We’re now beginning the alpha-test phase of our new V7 image Model. It’s our smartest, most beautiful, most coherent model yet. Give it a shot and expect updates every week or two for the next two months.

To use it, you’ll first have to rate around 200 images to build a Midjourney “personalization” profile, if you haven’t already. This profile tunes the model to your individual visual preferences; V7 is Midjourney’s first model to have personalization switched on by default. Once you’ve done that, you’ll be able to turn V7 on or off on Midjourney’s website and, if you’re a member of Midjourney’s Discord server, on its Discord chatbot. In the web app, you can quickly select the model from the drop-down menu next to the “version” label.

Midjourney CEO David Holz described V7 as a “totally different architecture” in a post on X. “V7 is [...] much smarter with text prompts,” Holz continued in an announcement on Discord. “[I]mage prompts look fantastic, image quality is noticeably higher with beautiful textures, and bodies, hands, and objects of all kinds have significantly better coherence on all details.”

Features and Availability of V7

V7 is available in two flavors, Turbo (costlier to run) and Relax, and powers a new tool called Draft Mode that renders images at 10x the speed and half the cost of the standard mode.
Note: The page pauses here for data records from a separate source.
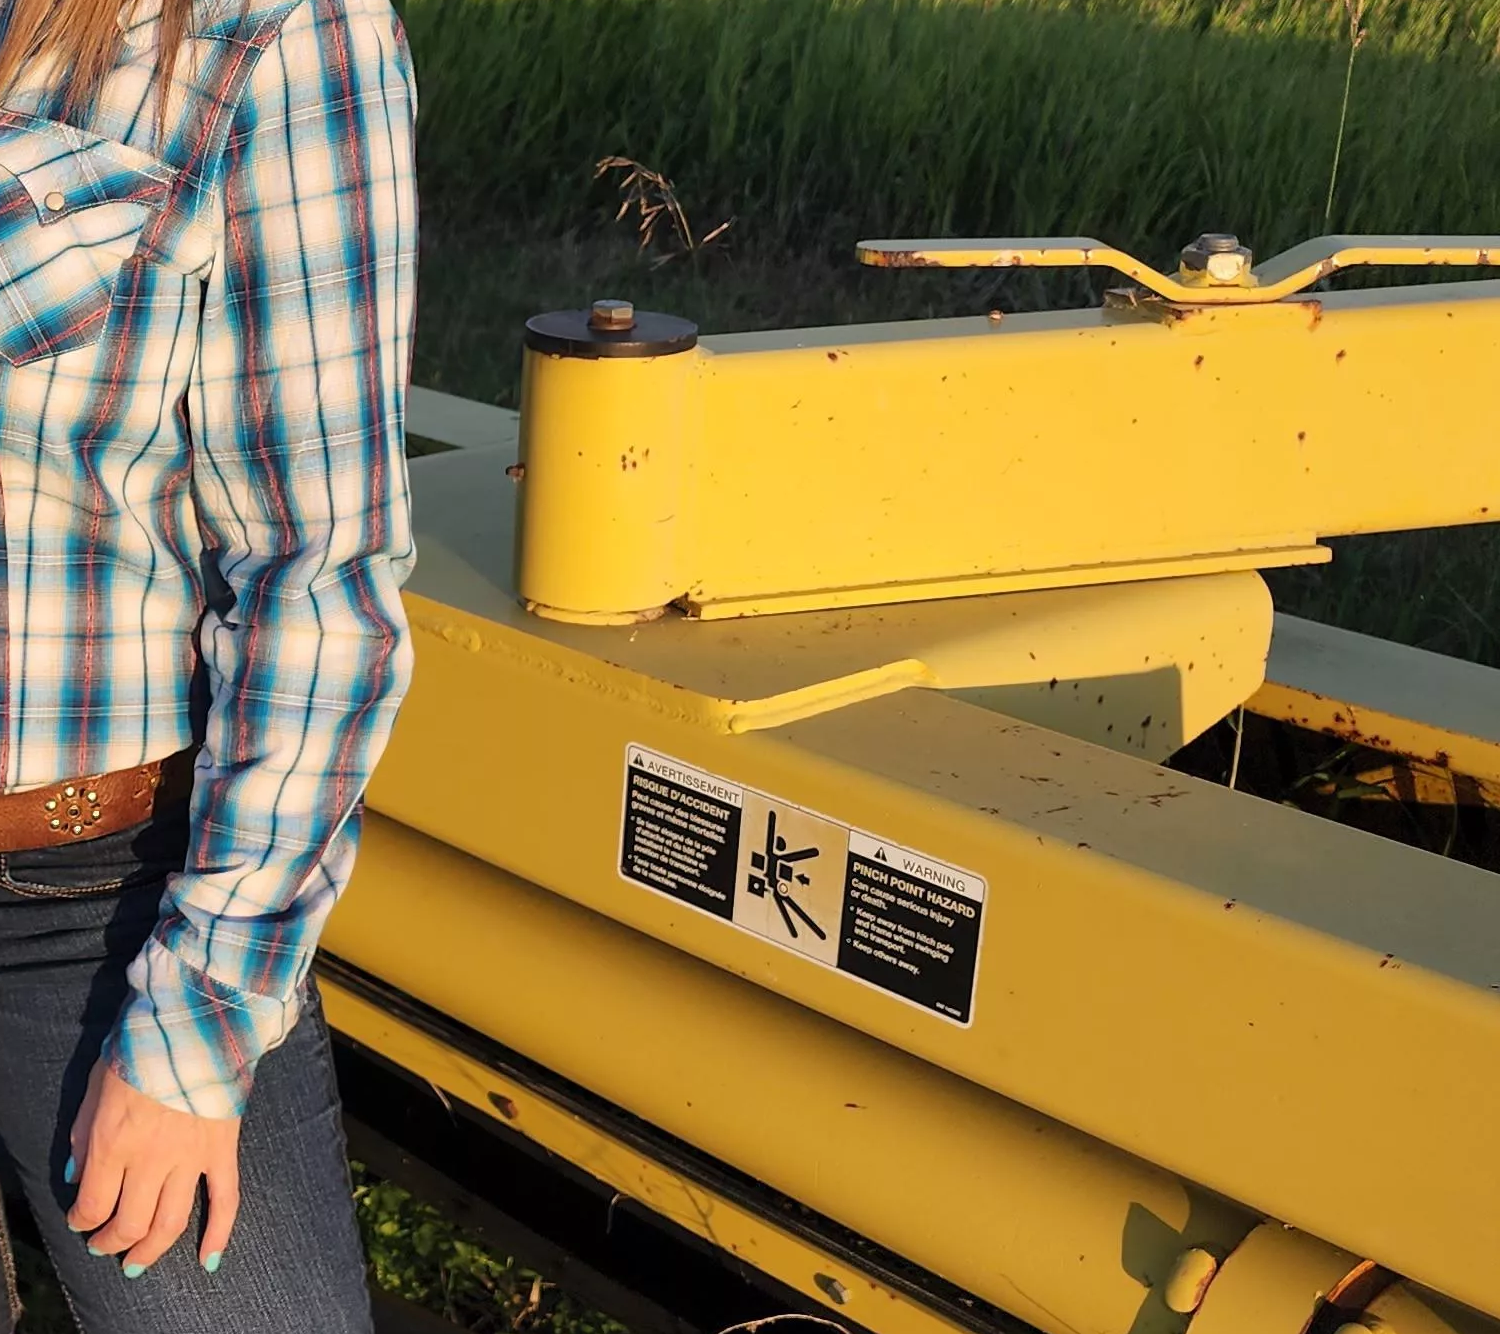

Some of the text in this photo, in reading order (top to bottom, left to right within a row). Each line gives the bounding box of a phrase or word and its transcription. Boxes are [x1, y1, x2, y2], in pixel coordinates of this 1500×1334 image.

[633, 774, 730, 821] RISQUE D'ACCIDENT
[647, 760, 739, 803] AVERTISSEMENT
[852, 861, 976, 919] PINCH POINT HAZARD
[902, 859, 965, 892] WARNING
[850, 890, 887, 910] or death.
[851, 877, 954, 928] Can cause serious injury
[855, 907, 954, 955] Keep away from hitch pole
[852, 939, 920, 976] Keep others away.
Draft images are of lower quality than standard-mode images, but they can be enhanced and re-rendered with a click. A number of standard Midjourney features aren’t available yet for V7, according to Holz, including image upscaling and retexturing. Those will arrive in the near future, he said, possibly within two months.

This is an entirely new model with unique strengths and probably a few weaknesses,” Holz wrote on Discord. “[W]e want to learn from you what it’s good and bad at, but definitely keep in mind it may require different styles of prompting. So play around a bit.”
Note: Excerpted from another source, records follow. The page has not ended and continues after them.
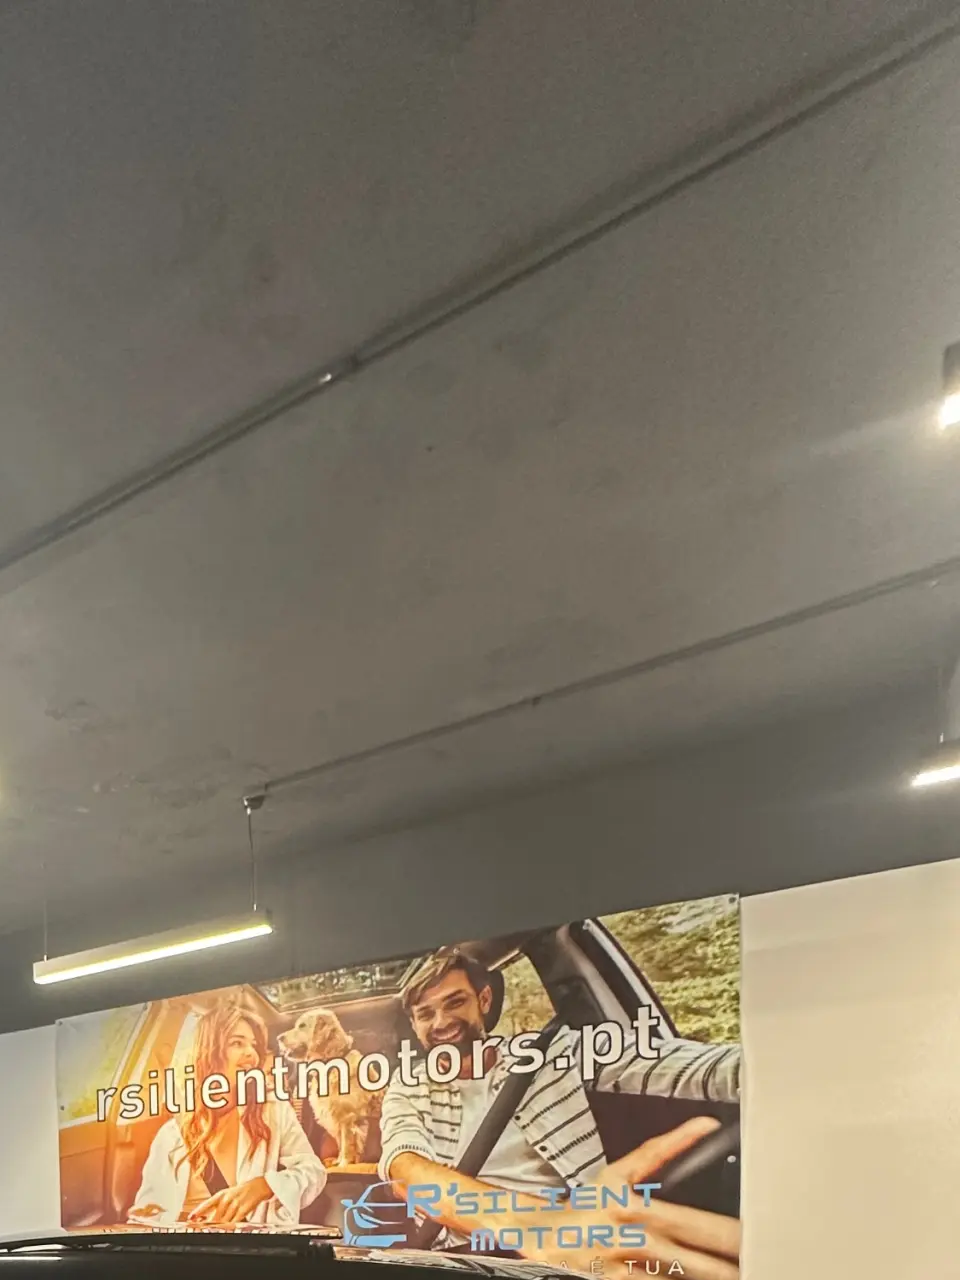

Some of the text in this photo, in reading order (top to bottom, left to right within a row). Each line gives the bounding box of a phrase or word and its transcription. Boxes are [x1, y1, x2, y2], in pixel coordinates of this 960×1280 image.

[96, 1004, 662, 1122] rsilientmotors.pt
[406, 1182, 662, 1218] R'SILIENT
[470, 1223, 647, 1251] MOTORS
[591, 1256, 605, 1276] É
[624, 1259, 685, 1276] TUA
Testing and Overview of V7

In my brief testing, V7 adhered reasonably well to my prompts, though I didn’t have time to really put the model through the ringer. Midjourney is an unusual operation. Started in 2022 by Holz, who co-founded PC peripheral company Leap Motion, it hasn’t raised a dime of outside money. In late 2023, Midjourney was reportedly expecting to bring in around $200 million in revenue. Recently, the San Francisco-based firm said it was establishing a hardware team to work on some projects that it did not detail, and it continues to train previously announced models for video and 3D object generation.

The company is facing several lawsuits that accuse it of infringing on the rights of millions of artists by training AI tools on images scraped from the web without the consent of the images’ creators.